Public opinion surrounding marijuana and cannabinoids has transformed remarkably over the past several decades. Cannabinoids, marijuana, and THC products are now allowed for medical use in many states. Far fewer states have legalized pot for recreational reasons, but even that would have been unthinkable even just ten or fifteen years ago.

Any compounds derived from the cannabis plant (the marijuana plant, basically) are known as cannabinoids. And we’re still learning new things about cannabis despite the fact that it’s recently been legalized in several states. We often think of these specific compounds as having universal healing properties. There have been conflicting studies about cannabinoids and tinnitus but research indicates there might also be negative effects like a direct link between the use of cannabinoids and the development of tinnitus symptoms.

Numerous forms of cannabinoids

There are many forms of cannabinoids that can be used presently.

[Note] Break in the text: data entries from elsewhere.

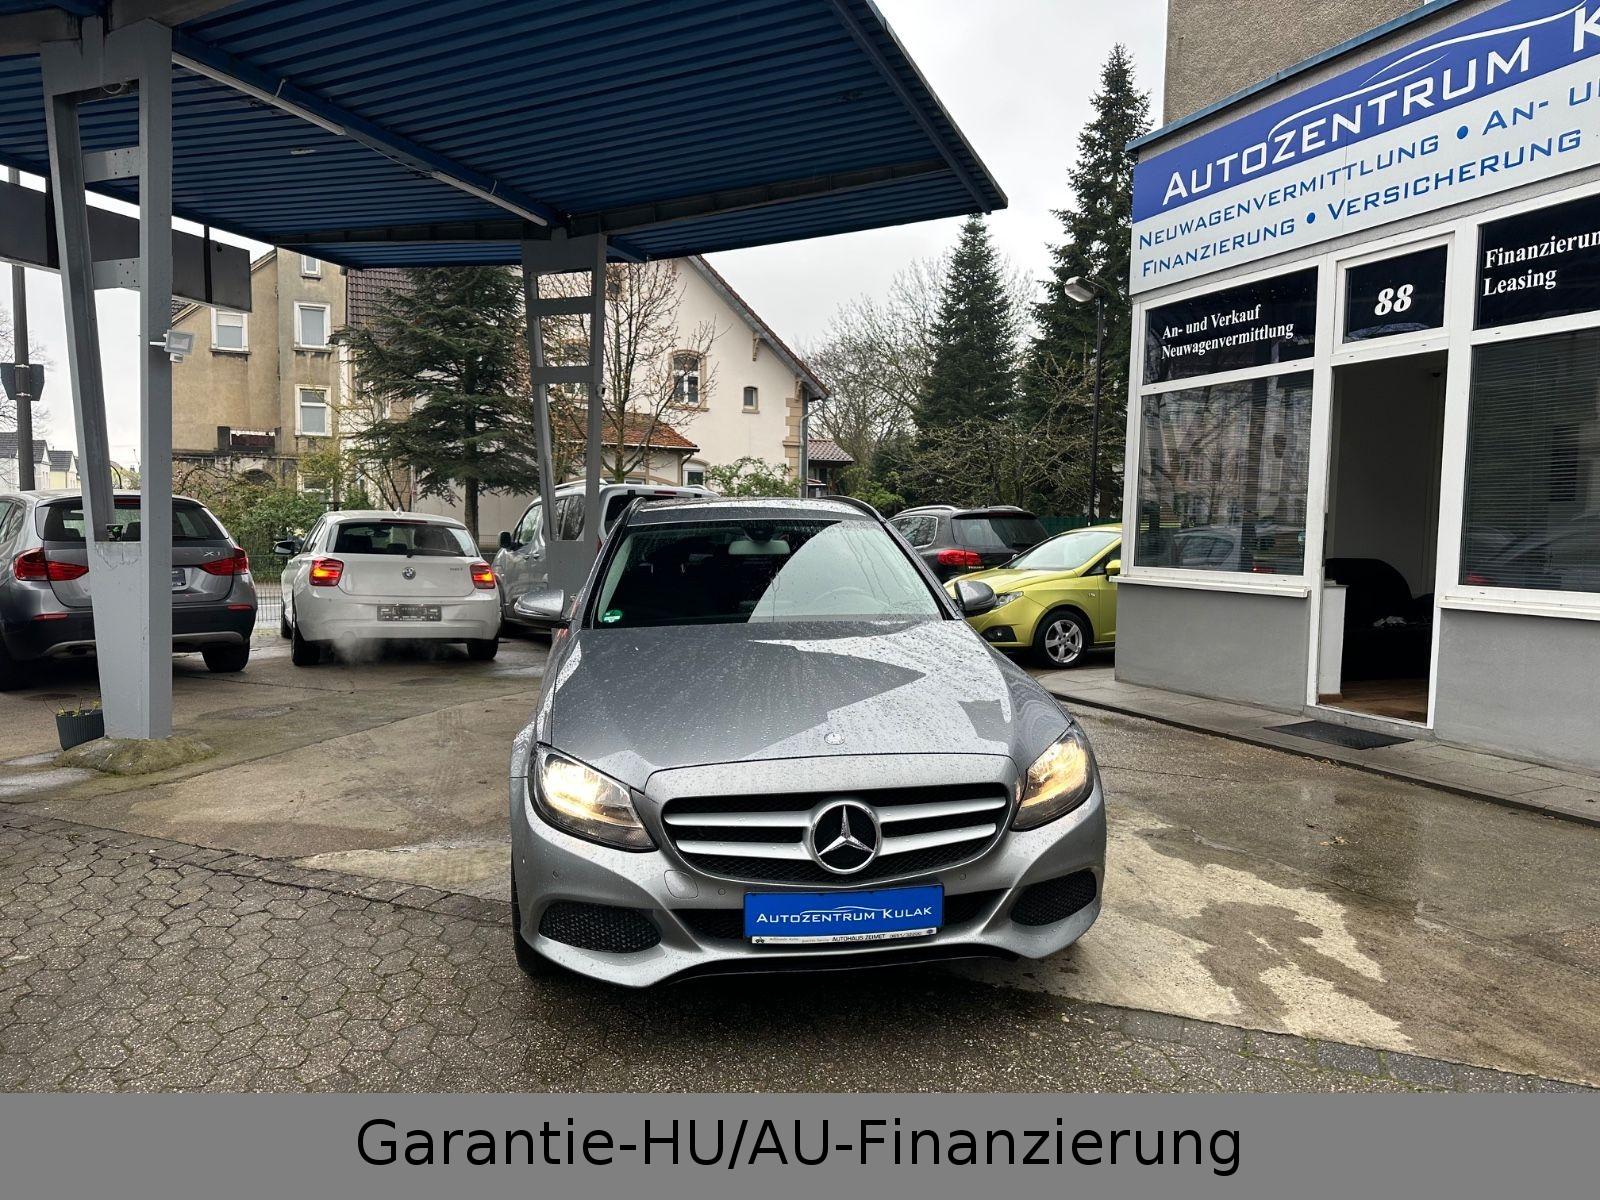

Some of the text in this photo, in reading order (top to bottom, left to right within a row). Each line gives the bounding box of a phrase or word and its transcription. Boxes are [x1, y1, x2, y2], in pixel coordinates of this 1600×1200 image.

[1163, 37, 1530, 205] AUTOZENTRUM
[1139, 135, 1439, 250] NEUWAGENVERMITTLUNG
[1482, 100, 1549, 136] AN-
[1142, 129, 1581, 278] FINANZIERUNG VERSICHERUNG
[1374, 284, 1414, 316] 88
[1483, 269, 1557, 296] Leasing
[1162, 304, 1261, 339] An- und Verkauf
[1161, 323, 1294, 359] Neuwagenvermittlung
[756, 906, 932, 923] AUTOZENTRUM KULAK
[832, 934, 864, 942] AUTOHAUS

Whatever name you want to give it, pot or weed isn’t the only form. Other forms can include topical spreads, edibles, inhaled vapors, pills, and more.

The forms of cannabinoids available will differ state by state, and many of those forms are still actually illegal under federal law if the THC content is above 0.3%. That’s why many people tend to be rather careful about cannabinoids.

The issue is that we don’t yet know very much about some of the long-term side effects or complications of cannabinoid use. A great example is some new research into how your hearing is affected by cannabinoid use.

Research into cannabinoids and hearing

Whatever you want to call it, cannabinoids have long been associated with helping a large number of medical conditions. According to anecdotal evidence vertigo, nausea, and seizures are just a few of the afflictions that cannabinoids can benefit. So researchers made a decision to find out if cannabinoids could treat tinnitus, too.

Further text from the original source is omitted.